Monday, August 18, 2008

Unreliable Wind Power

The electricity that arrives at your home or business is extremely reliable (if you live in the U.S.). The electricity that comes from a windmill is unreliable -- it only comes 1/3 of the time, and you never know exactly when it's going to come or how much you are going to get. If you want to sell wind energy, you have to convert unreliable wind energy into reliable power. How is it done?

This paper explains how, but it's a tough slog. What follows is my summary.

The utility companies already solve a similar problem. Electricity is not easily stored, and in modern grids it is generally not stored at all. So, when you flick on a light switch, the immediate effect is that the power dissipated by all the lights in your neighborhood drops a little to compensate. Within seconds, some power turbine perhaps hundreds of miles away must twist a little harder on its generator shaft to get everyone's line voltage back up, and the extra thermal or hydroelectric power fed into the turbine to get this extra twist will be just about what your light bulb burns, plus the inefficiencies of getting the power from the turbine input to your bulb.

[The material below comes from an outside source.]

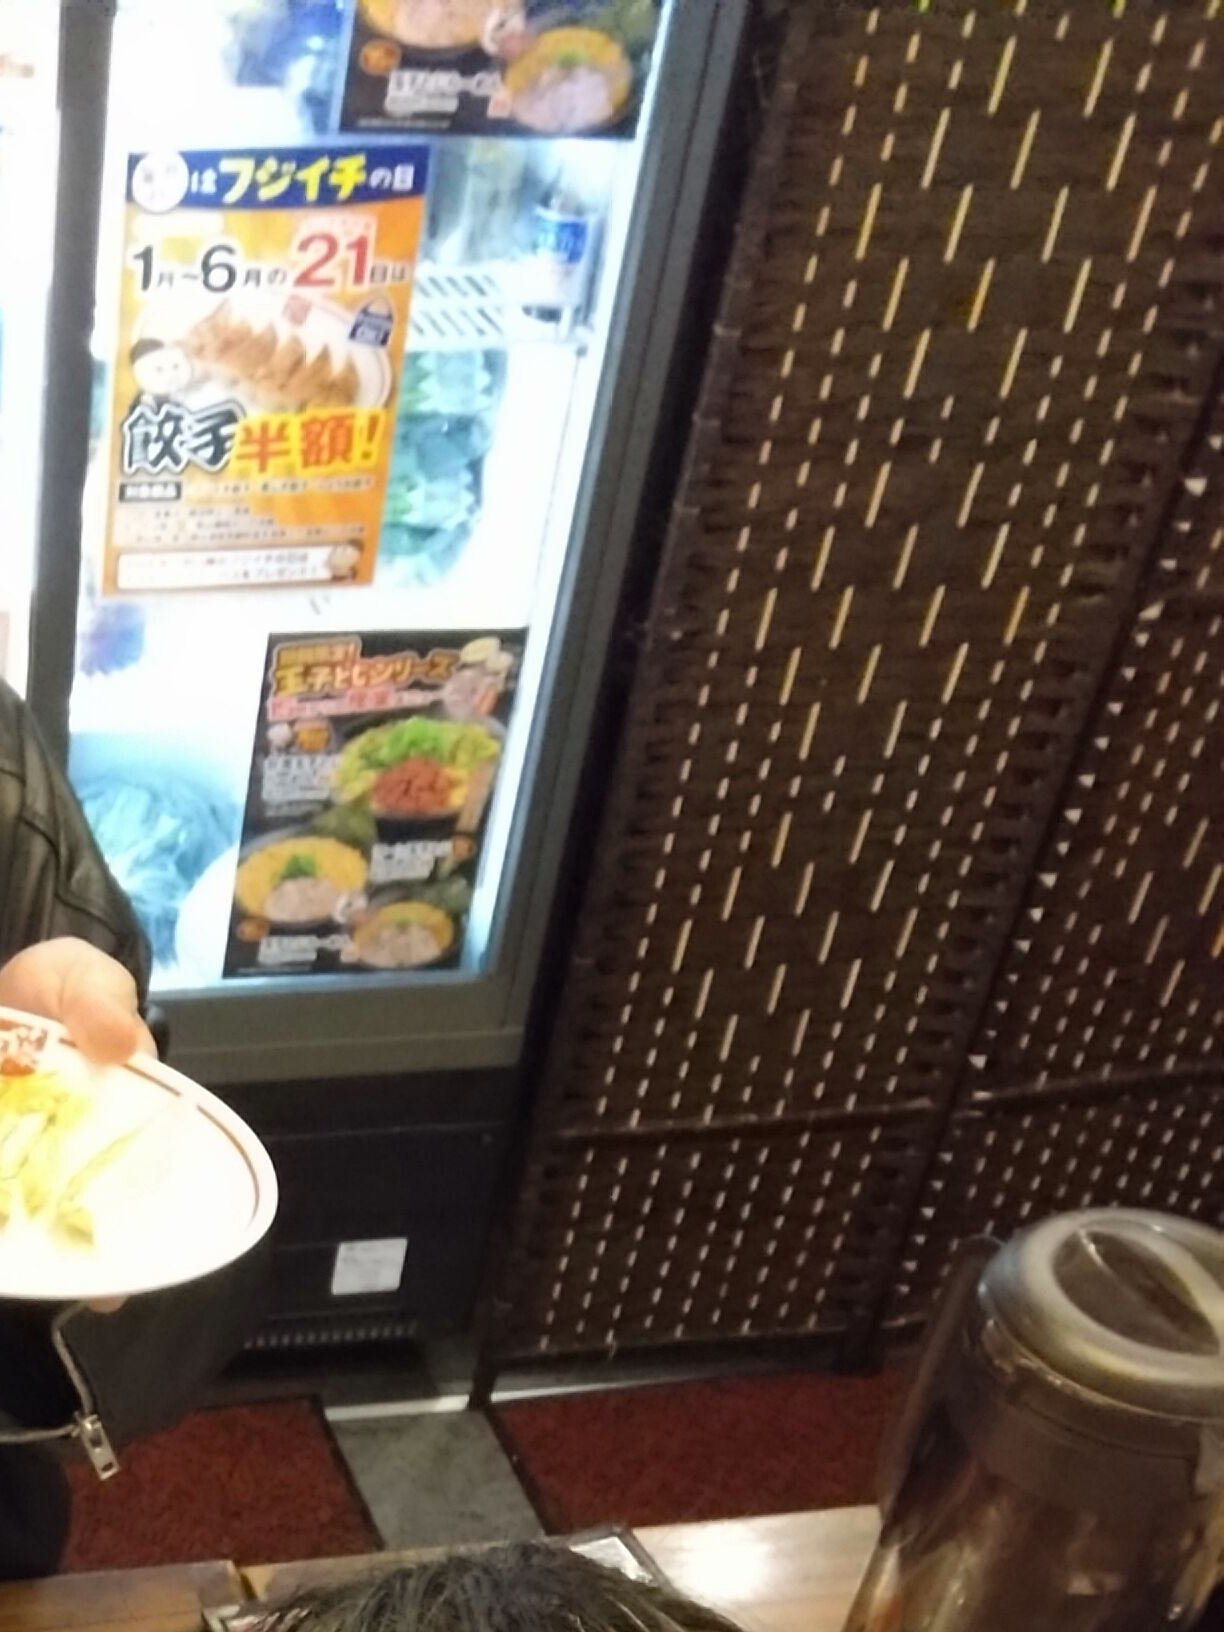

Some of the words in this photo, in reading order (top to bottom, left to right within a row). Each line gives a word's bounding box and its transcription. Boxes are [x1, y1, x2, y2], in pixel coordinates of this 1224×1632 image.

[190, 153, 416, 204] はフジイチの日

Turbines can only throttle up to 100% of their rated capacity, and they get inefficient when they throttle down too far, so utilities will shut down or spin up units to make larger changes. Changes like these take a long time, so utilities predict what the expected load at any given time will be, hours or days in advance, and schedule units to be on or off line to match the predicted load. Utilities keep some fraction of their turbines at partial output so that they can immediately crank up to match unexpected increases in the load.

The biggest increase in the load that they plan for is usually an unexpected dropout of one of the generators. If a 1 gigawatt generator suddenly goes off line, the grid controllers might respond by taking four other generators from 700 to 950 MW output. It would be impossible for this to happen instantly, but luckily, when most generators go offline, they do so gradually, and if they coast down over the course of seconds, other generators can crank up to match. If a circuit breaker pops or a line parts, or something else happens very quickly, then there is usually a temporary brownout as the line voltage drops down to the point where the loads match the generation. The backup generators usually ramp up within seconds, and many devices (like your computer or TV) can ride through a partial loss of power for a second or so.

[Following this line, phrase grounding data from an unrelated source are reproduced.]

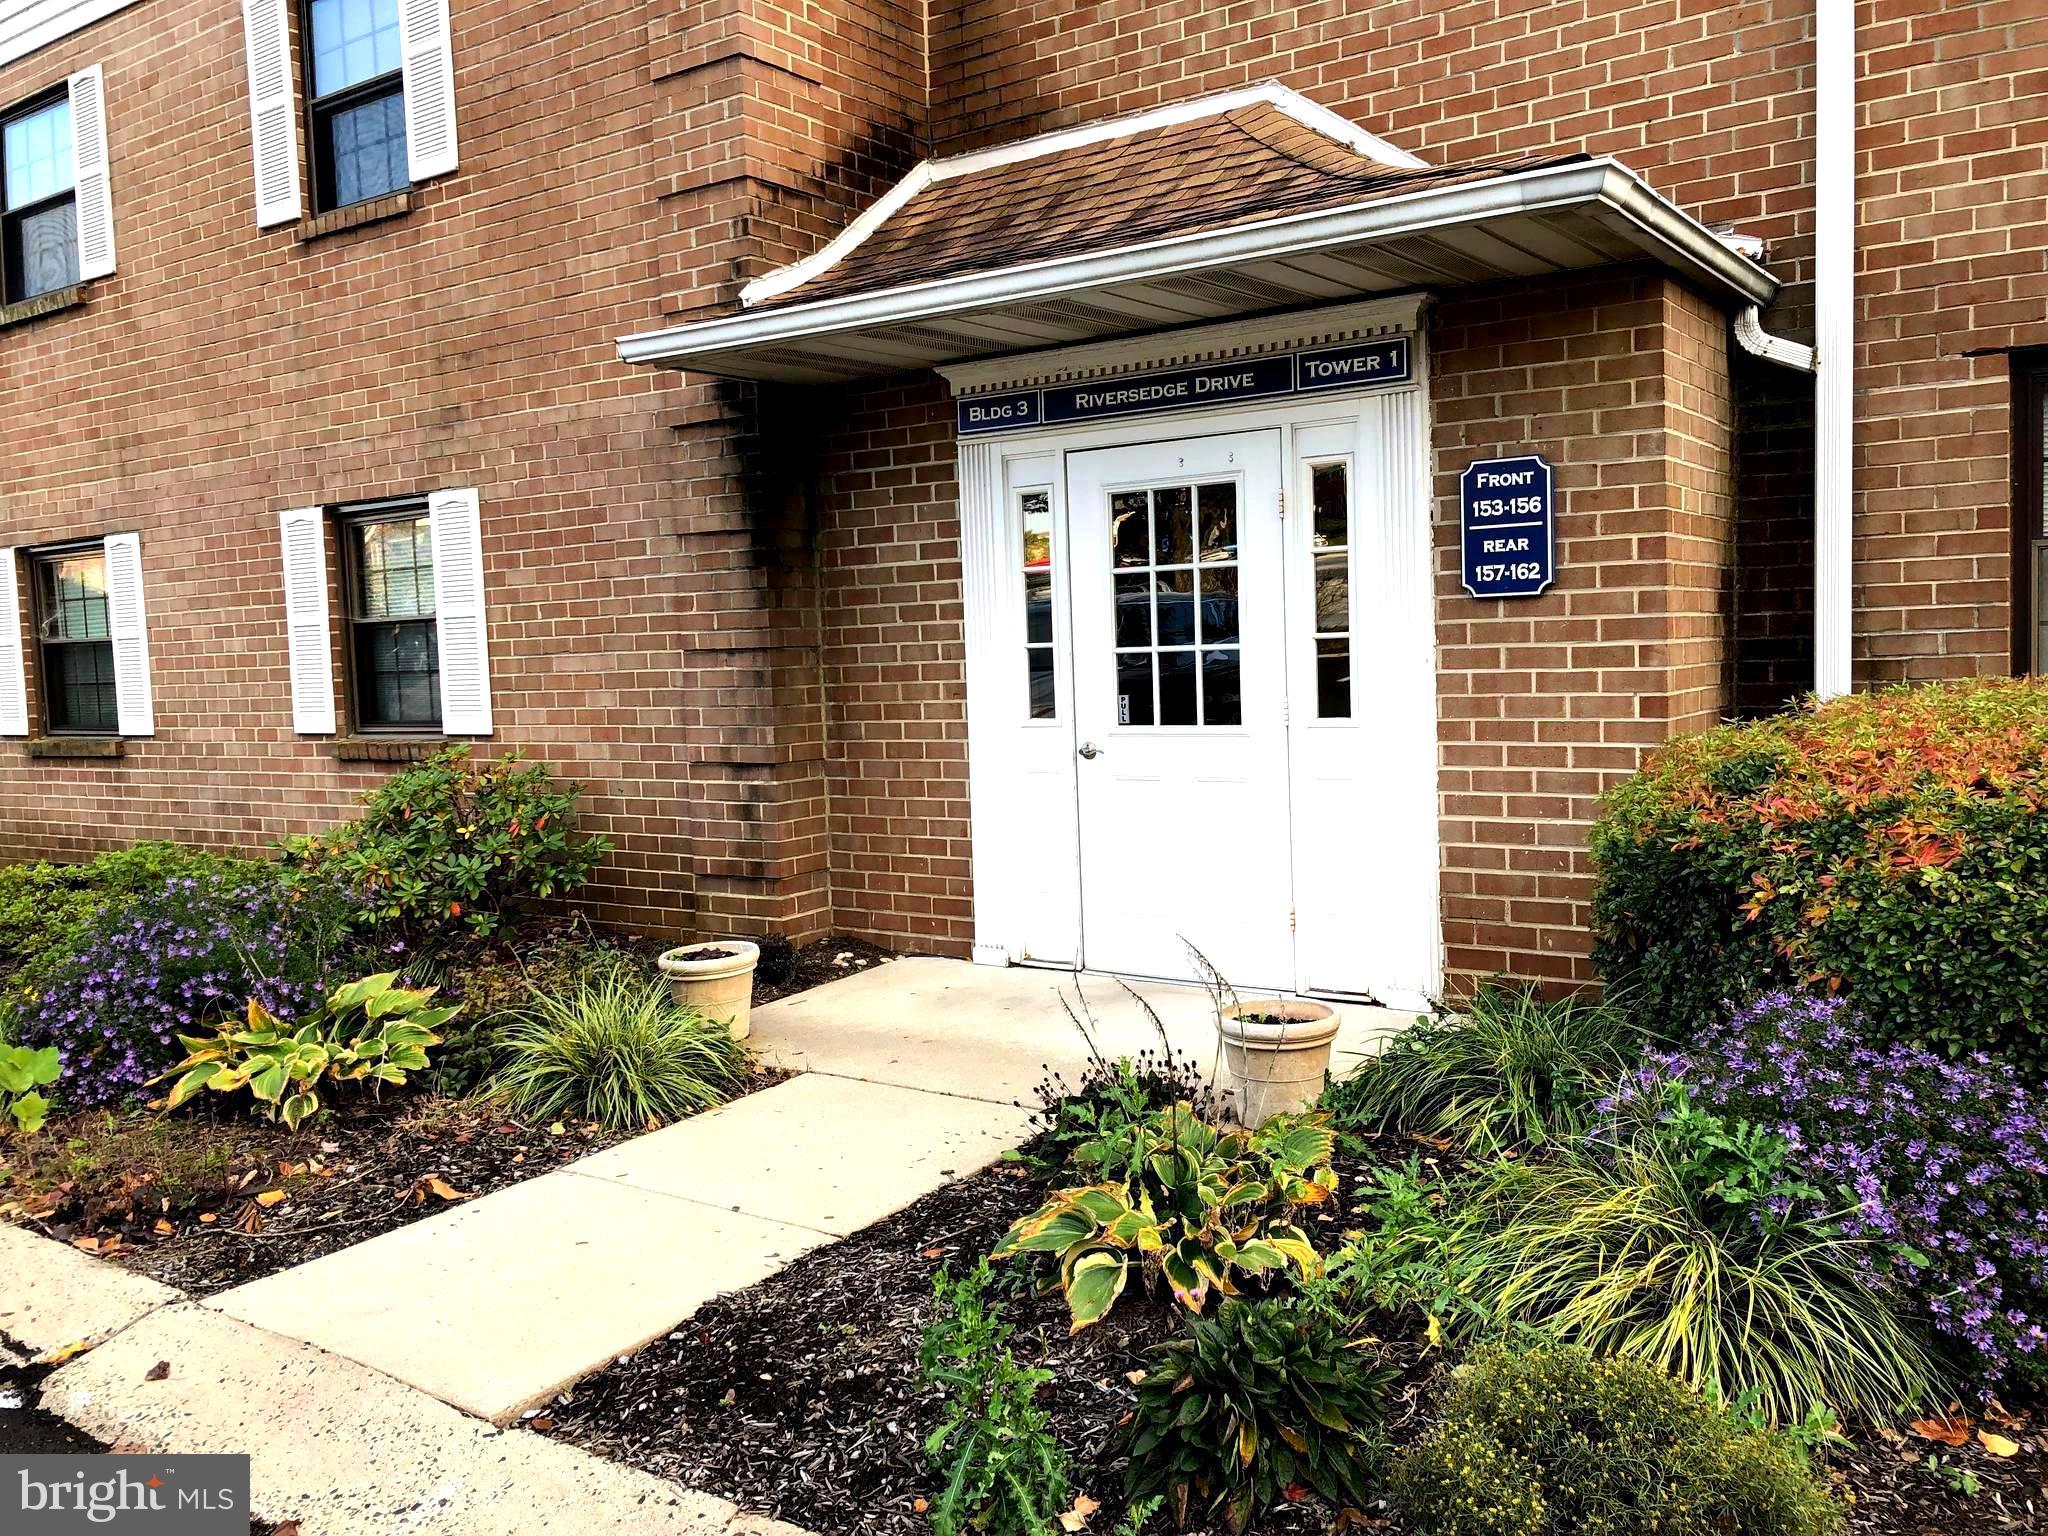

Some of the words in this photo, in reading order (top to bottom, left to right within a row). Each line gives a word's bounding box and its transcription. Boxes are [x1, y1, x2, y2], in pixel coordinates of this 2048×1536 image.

[1305, 355, 1381, 379] TOWER
[1390, 350, 1398, 368] 1
[1075, 381, 1188, 410] RIVERSEDGE
[1195, 372, 1255, 394] DRIVE
[969, 406, 1012, 423] BLDG
[1015, 401, 1028, 417] 3
[1477, 471, 1535, 488] FRONT
[1472, 496, 1542, 518] 153-156
[1483, 538, 1529, 553] REAR
[1475, 562, 1541, 582] 157-162

So, the bottom line is that utilities predict the change in demand on their generators, and there is some variation from their prediction, and being ready for this variation costs money because some turbines (the spinning reserve) must be run at partial throttle which is less efficient than flat-out.

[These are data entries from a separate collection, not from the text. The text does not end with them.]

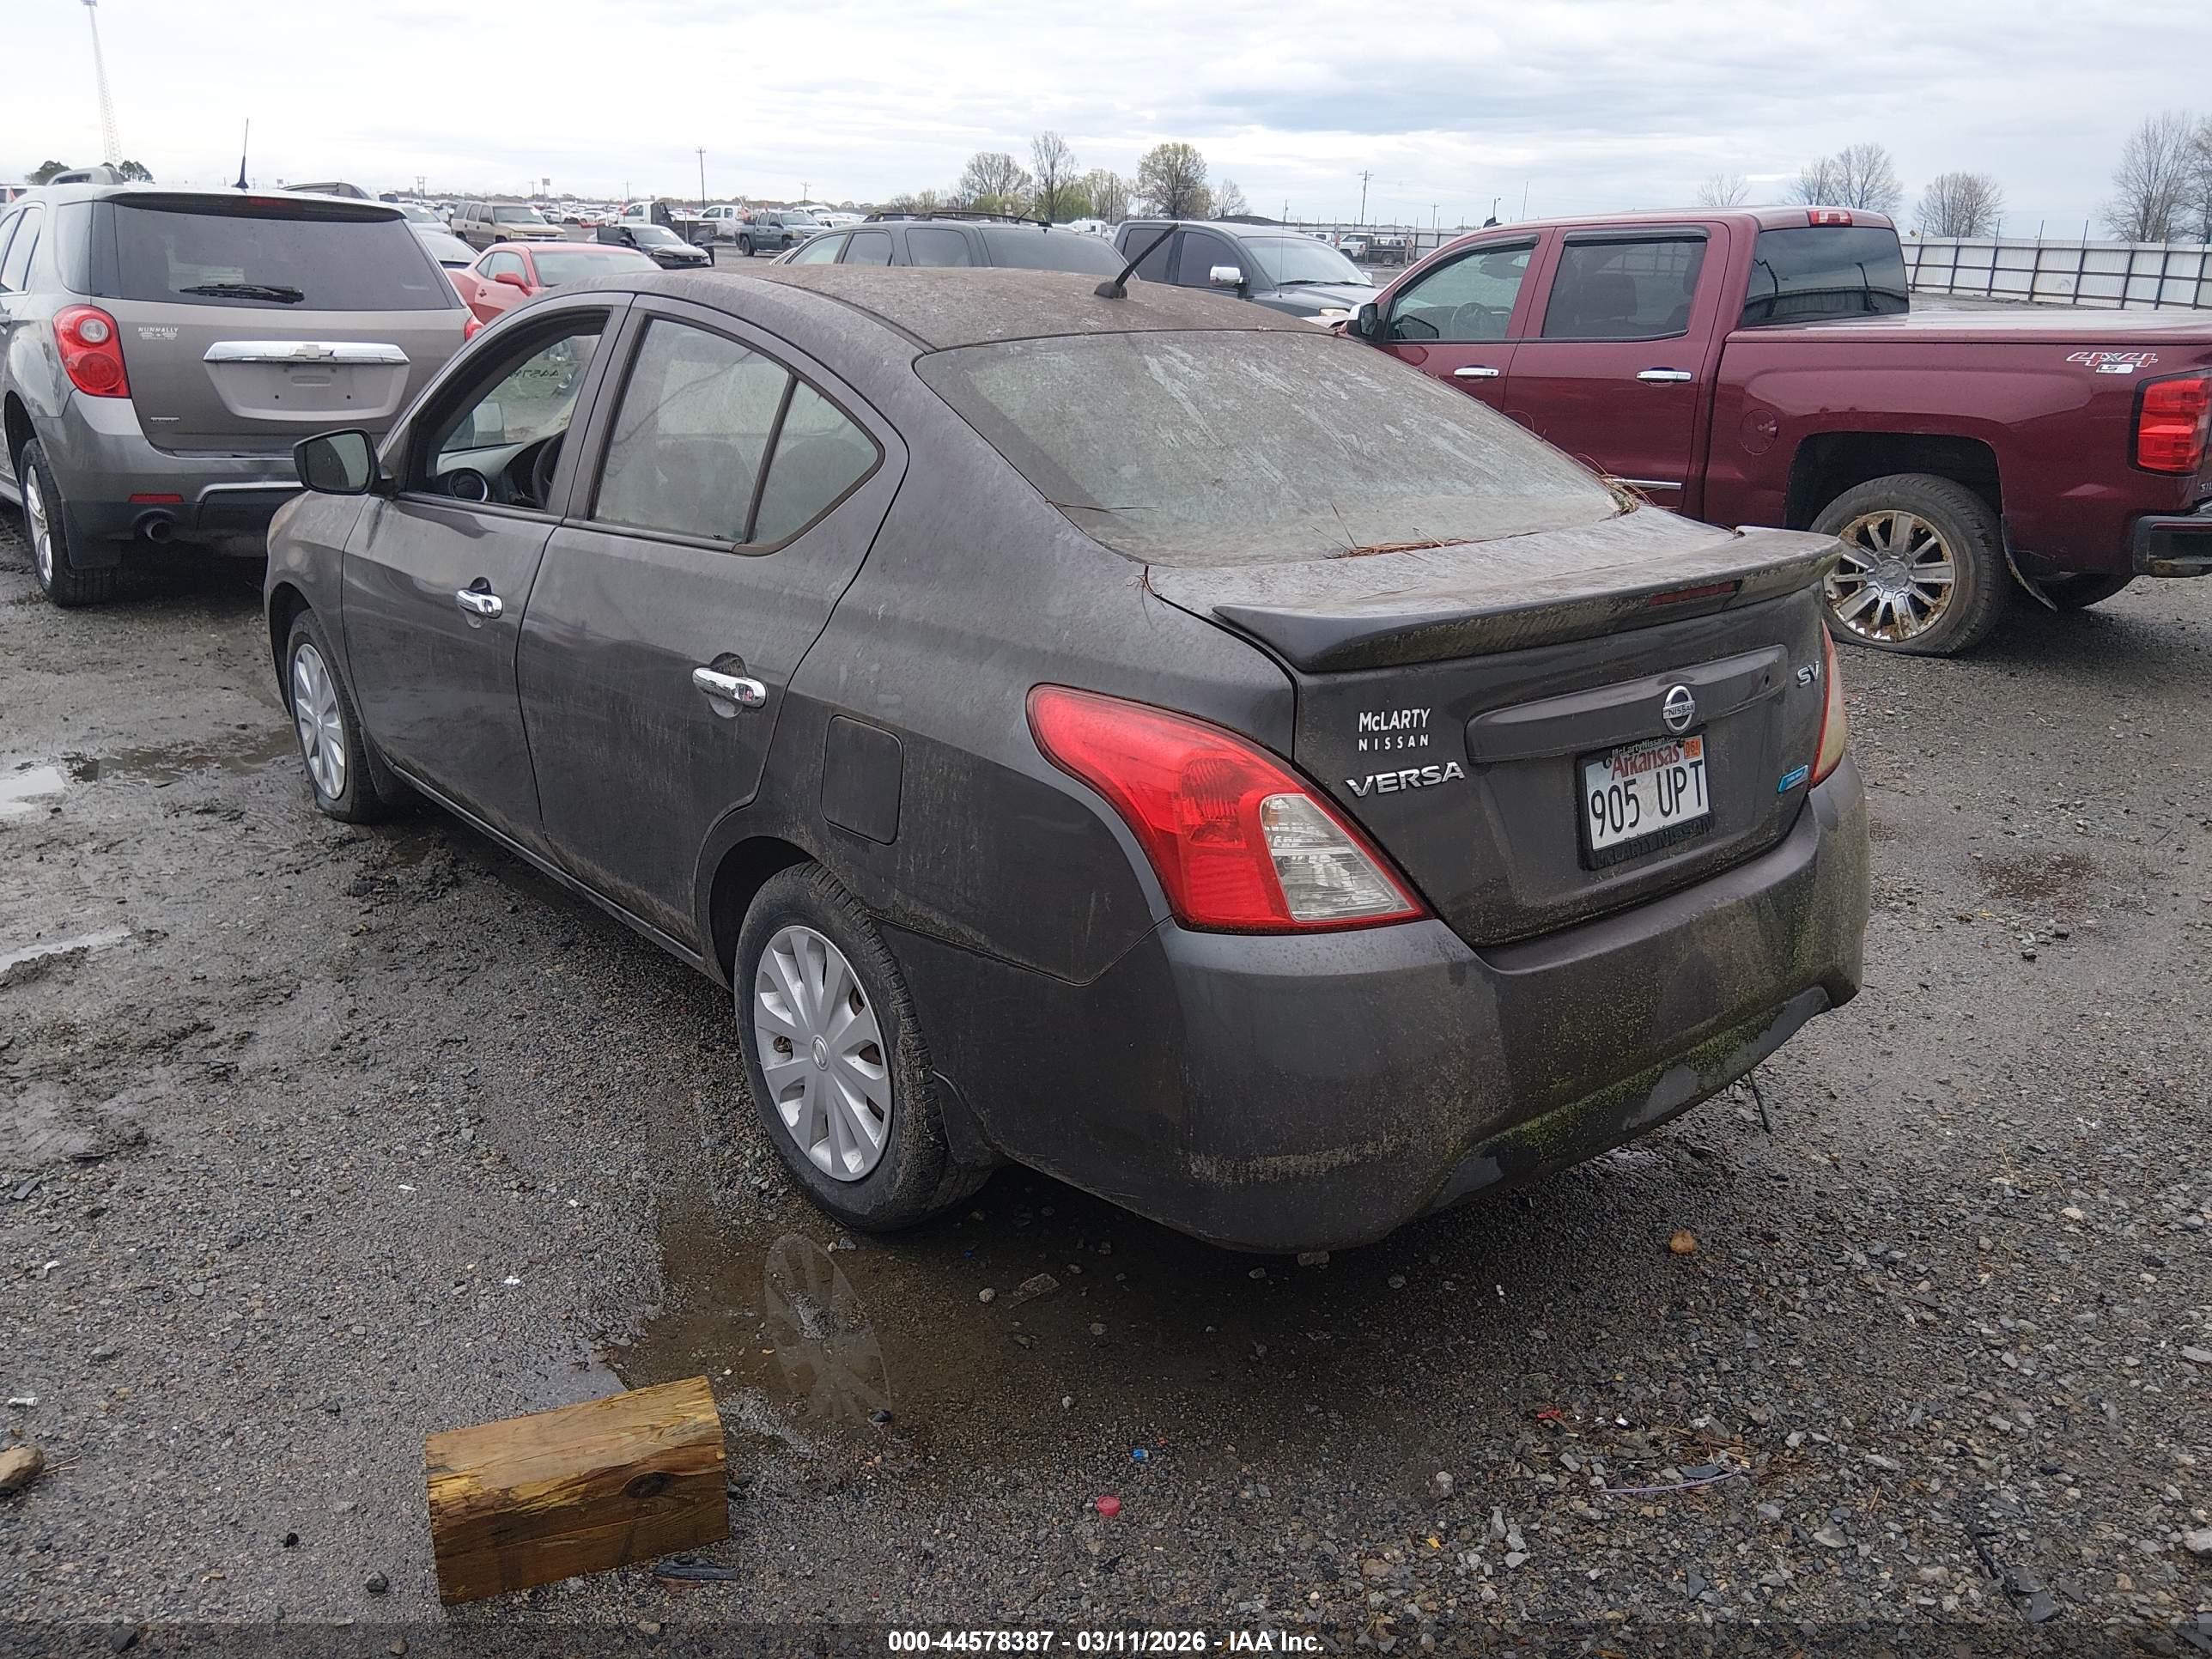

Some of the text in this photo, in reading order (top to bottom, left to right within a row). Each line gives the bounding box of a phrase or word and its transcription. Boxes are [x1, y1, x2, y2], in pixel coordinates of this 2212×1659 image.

[1797, 660, 1820, 685] SV
[1668, 704, 1694, 716] NISSAN
[1358, 734, 1429, 751] NISSAN
[1611, 743, 1680, 781] Arkansas
[1346, 761, 1465, 797] VERSA
[1590, 759, 1704, 839] 905 UPT

Just as an aside: consider how valuable it would be for the utility company to be able to instantly shut down your air conditioner for just a few minutes. This ability would act as part of their spinning reserve. During the summer, air conditioners are a substantial fraction of the total power burned. I'm pretty sure that for most of the U.S., the ability to shut down even a fraction of the air conditioners for 10 minutes would cover the entire spinning reserve requirement. That could save a lot of money, and PG&E (my local utility in California) is experimenting with just that through their Underfrequency Relay Option on the Base Interruptible Program. Anyway, back to the summary.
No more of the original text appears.